>>>

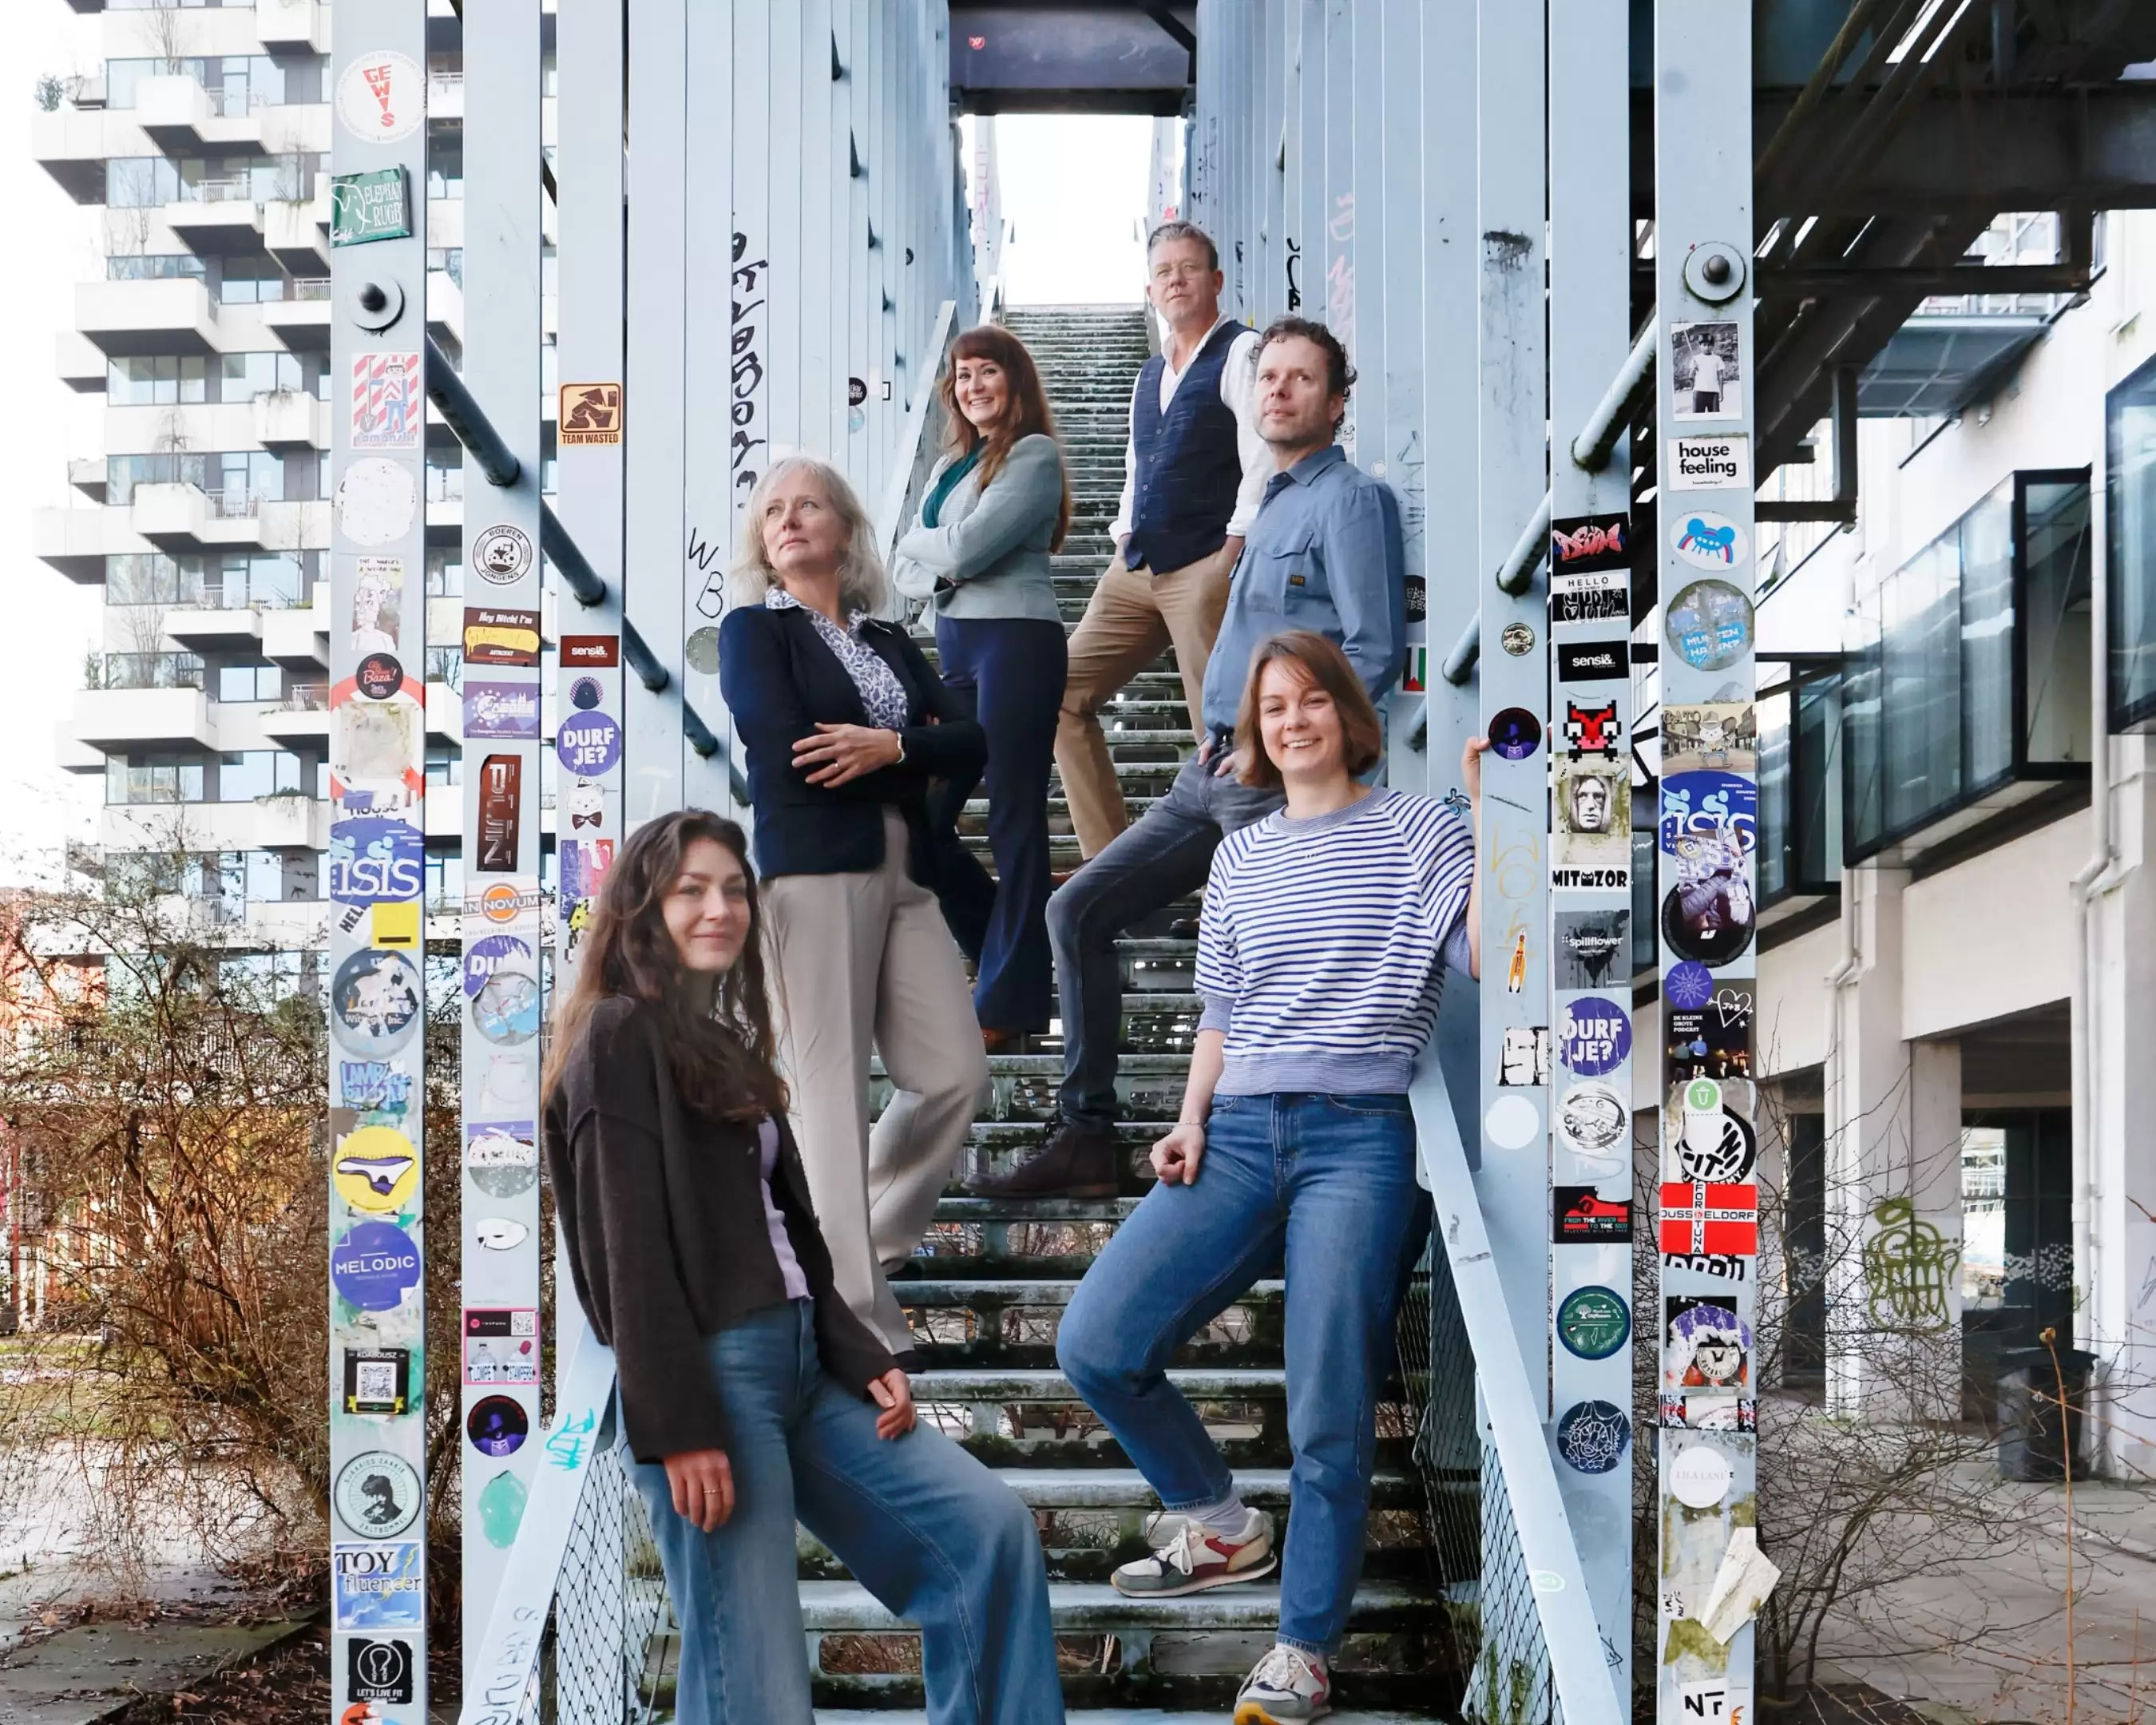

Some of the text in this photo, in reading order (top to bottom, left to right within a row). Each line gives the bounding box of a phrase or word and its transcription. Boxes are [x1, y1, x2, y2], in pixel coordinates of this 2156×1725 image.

[562, 434, 619, 444] TEAM WASTED
[1678, 442, 1730, 458] house
[1679, 458, 1737, 477] feeling
[488, 528, 524, 541] BOEREN
[480, 568, 520, 581] JONGENS
[1568, 577, 1608, 586] HELLO
[478, 612, 495, 624] Hey
[563, 727, 615, 748] DURF
[572, 746, 608, 765] JE?
[338, 859, 420, 897] ISIS
[465, 895, 539, 914] IN NOVUM
[1569, 936, 1624, 948] spillflower
[1563, 1017, 1623, 1041] DURF
[1571, 1040, 1614, 1062] JE?
[335, 1255, 415, 1275] MELODIC
[359, 1517, 408, 1533] ZALTBOMMEL
[335, 1551, 395, 1574] TOY
[357, 1688, 403, 1697] LET'S LIVE FIT
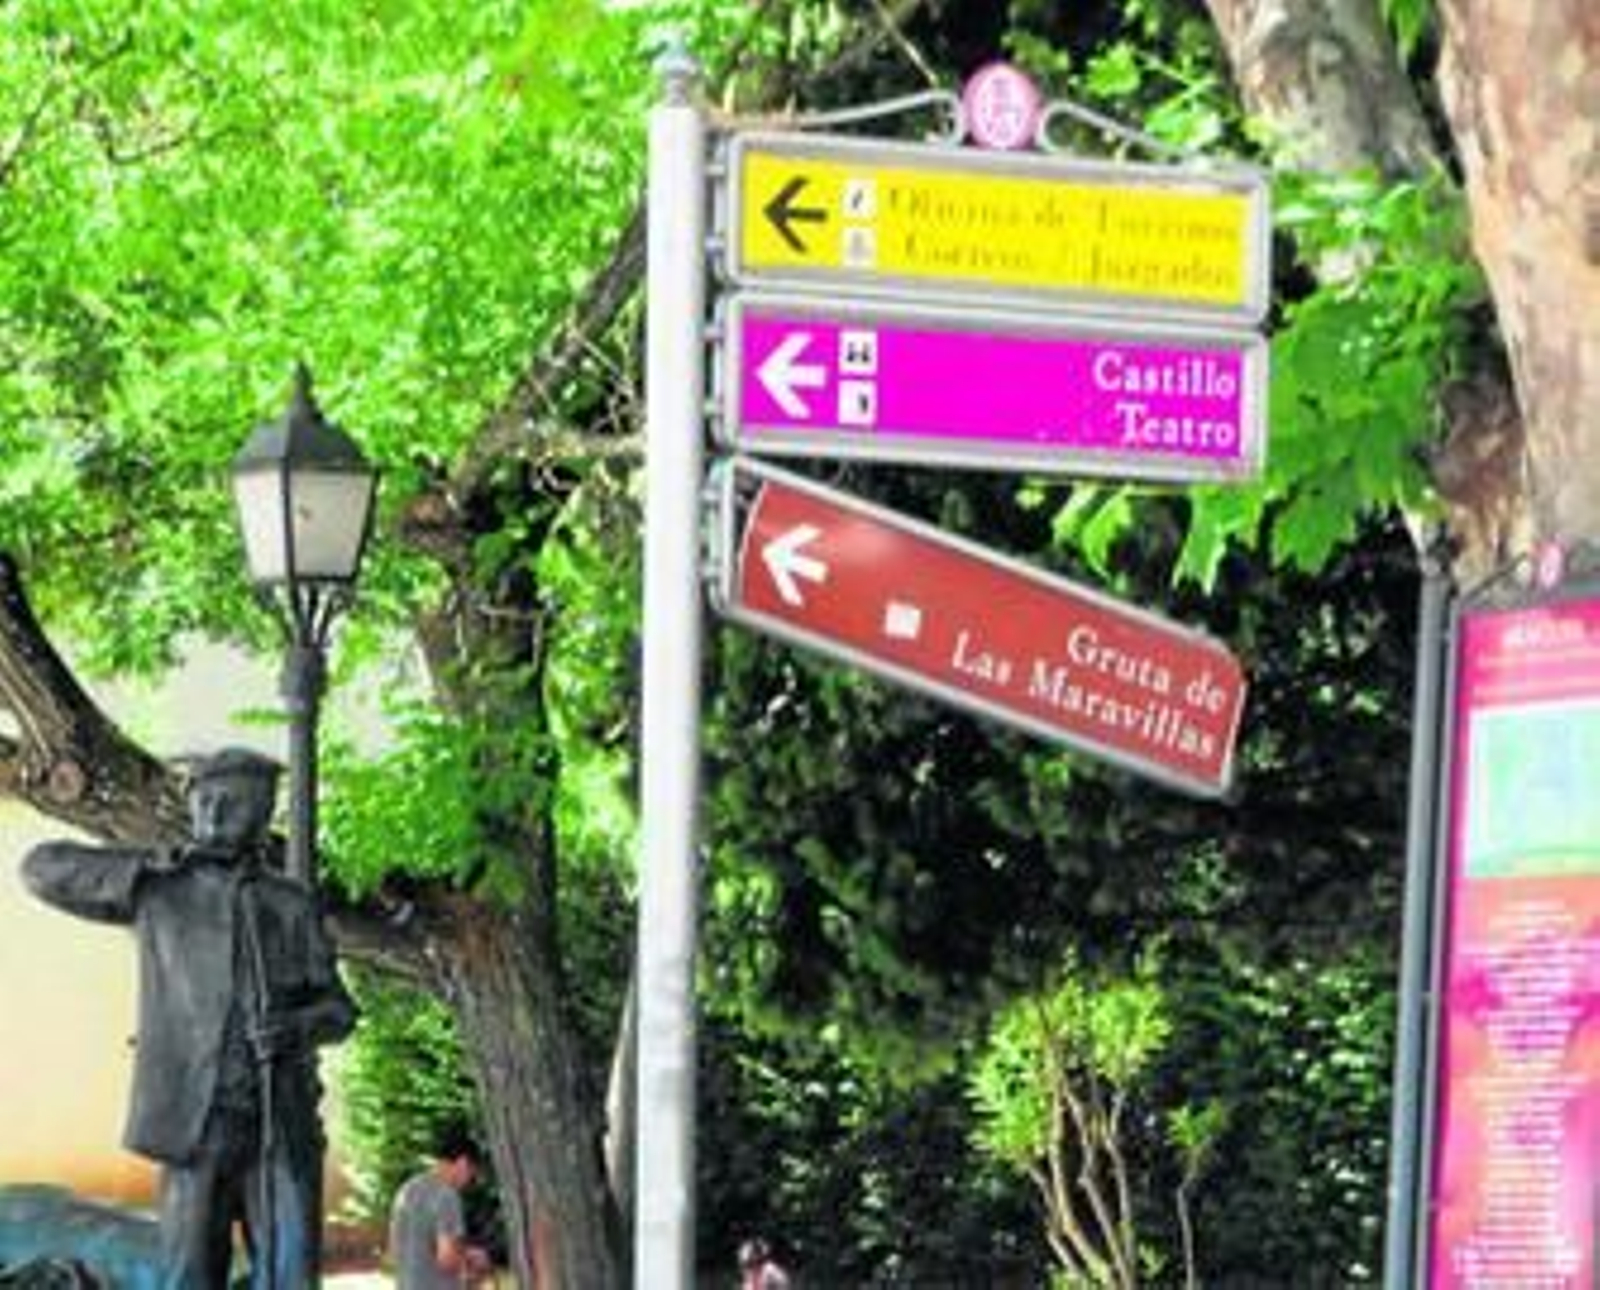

<<<

* _EXERCISE DETAILS_
The entries should be reproduced word for word, pictures omitted.

* _RESULT OF THIS TASK_
Some of the text in this photo, in reading order (top to bottom, left to right within a row). Each line gives the bounding box of a phrase or word and its transcription. Boxes are [x1, y1, x2, y2], in pixel coordinates of this 2156×1725 image.

[562, 434, 619, 444] TEAM WASTED
[1678, 442, 1730, 458] house
[1679, 458, 1737, 477] feeling
[488, 528, 524, 541] BOEREN
[480, 568, 520, 581] JONGENS
[1568, 577, 1608, 586] HELLO
[478, 612, 495, 624] Hey
[563, 727, 615, 748] DURF
[572, 746, 608, 765] JE?
[338, 859, 420, 897] ISIS
[465, 895, 539, 914] IN NOVUM
[1569, 936, 1624, 948] spillflower
[1563, 1017, 1623, 1041] DURF
[1571, 1040, 1614, 1062] JE?
[335, 1255, 415, 1275] MELODIC
[359, 1517, 408, 1533] ZALTBOMMEL
[335, 1551, 395, 1574] TOY
[357, 1688, 403, 1697] LET'S LIVE FIT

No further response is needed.